Como pode ficar em forma para o resto da sua vida

O envelhecimento é inevitável, mas manter-se fisicamente ativo pode retardar o surgimento dos seus efeitos e aumentar a expectativa de vida. Os especialistas lembram que em qualquer idade pode aumentar a sua força, potência e massa muscular.

Porque estar em forma deve ser uma preocupação de todas, em todas as idades e diferentes condições físicas, o portal neozelandês Conversation partilhou algumas dicas de exercícios, sobretudo para pessoas de 60 anos ou mais, em diferentes níveis de condicionamento físico.

Para as pessoas que toda a vida fizeram exercício físico

Este grupo é uma minoria, na verdade, mas os que se enquadram podem ser uma espécie de “super-homem” e estarem com uma saúde de “ferro”. Um tipo de pessoas com uma maior expectativa de vida e que estão a envelhecer “com sucesso”.

Geralmente, é nessa fase da vida que se colhe a recompensa de passar uma vida inteira mantendo-se ativo. Com um esqueleto e uns sistemas metabólico, cardiovascular e imunológico mais saudáveis, uma pessoa provavelmente pode superar as contrariedades naturais causadas pelo envelhecimento.

Por isso, a principal dica para este grupo é continuar a desafiar-se fisicamente, nas diversas aulas do ginásio, remo, corridas nos parques naturais ou em vários trabalhos manuais como a jardinagem, por exemplo. Misture na sua rotina diferentes exercícios – uma combinação do trabalho aeróbico e de resistência.

No entanto, evite sobrecarregar qualquer parte do seu corpo, pois a recuperação após os exercícios é mais lenta à medida que se envelhece. Portanto, exercite-se de maneira inteligente, para garantir que consegue continuar a praticar o exercício físico que gosta por mais tempo.

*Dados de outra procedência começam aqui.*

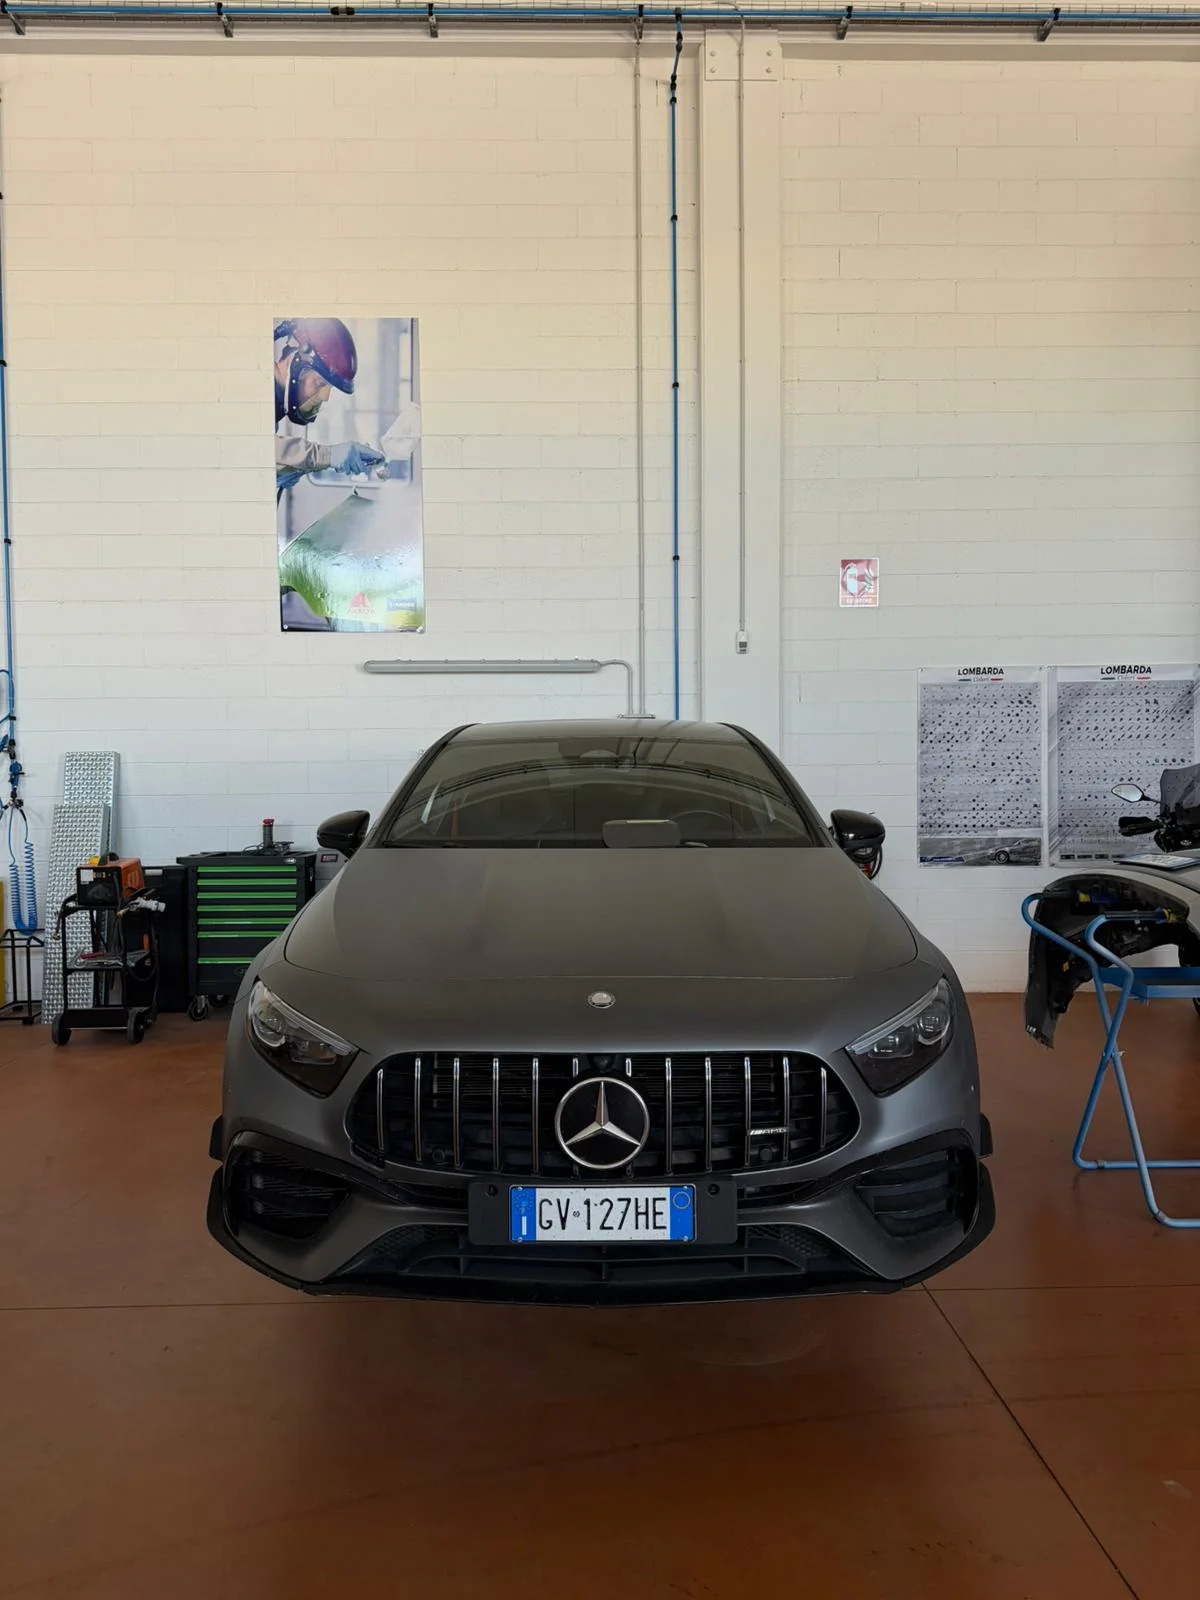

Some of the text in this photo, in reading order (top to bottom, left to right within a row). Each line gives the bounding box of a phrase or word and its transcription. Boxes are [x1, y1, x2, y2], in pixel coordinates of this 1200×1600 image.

[958, 667, 1004, 676] LOMBARDA
[1101, 665, 1152, 675] LOMBARDA
[539, 1198, 667, 1230] GV 127HE

Para as pessoas que têm uma relação moderada com o exercício físico

A consistência a longo prazo pode ser a chave para beneficiar dos efeitos. Ir ao ginásio não tem de ser a única forma de realizar atividades físicas. Procure em todos os momentos do seu dia-a-dia e vai ver que encontra forma de continuar em boa forma. Por exemplo, caminhe rapidamente para as lojas, mantenha a jardinagem e seja ativo em casa. Subir escadas pode ser um ótimo exercício caseiro.

Ligar a atividade física à socialização pode significar uma otimização dos seus benefícios. Experimente entrar numa turma de yoga ou de aulas de dança. Pode também integrar alguns exercícios ao ar livre, para aumentar a saúde mental.

Além disso, é do seu interesse evitar longos períodos de sessão, ou seja, prefira as aulas mais curtas e mais intensas. Tente aumentar constantemente o seu nível de exercício aeróbico em um nível em que você sue e sinta um pouco de falta de ar. Lembre-se que os exercícios de fortalecimento e flexibilidade (alongamentos) são negligenciados; portanto, tente incluir esse tipo de exercício sempre que possível.

Para os que são incapacitados (por qualquer motivo)

Por fim, as dicas para quem sofre de condições crónicas complexas, que pode ver dificultada ou impossibilitada a realização de exercício físico, ou até aqueles que, apenas, nunca tiveram o hábito de praticar qualquer tipo de exercício físico. Qualquer altura pode ser boa para começar a criar um tempo no seu dia destinado para o efeito.

Os primeiros casos podem precisar de autorização de um médico para se exercitar e aconselhamento especializado sobre exercícios de um fisioterapeuta ou outro profissional da área. Porém, algo que pode e deve ser combatido por todos é a redução do tempo que se passa sentado e fazer um pouco de exercício. Isso, por si só, pode trazer grandes benefícios à saúde.

Sentir um pouco de ar com o exercício é normal e algumas dores iniciais ou dores nas articulações podem ser boas. Mas, se sentir dor no peito ou um desconforto severo, consulte um médico imediatamente.

Os especialistas da comunidade científica que foram ouvidos pelo Conversation sugerem, ainda, que se tiver uma cirurgia programada, «seja o mais ativo possível antes de ser internado no hospital e que se comece a mover o mais rápido possível depois», pois isso pode ajudar na sua recuperação.

Além disso, mesmo nas situações mais crónicas e complicadas, como depois do diagnóstico de um cancro, «deve manter-se ativo, mesmo durante o tratamento, como quimioterapia e radioterapia, e durante a recuperação». Dica igual para quem padecer de outras condições crónicas comuns, como doenças cardíacas ou pulmonares.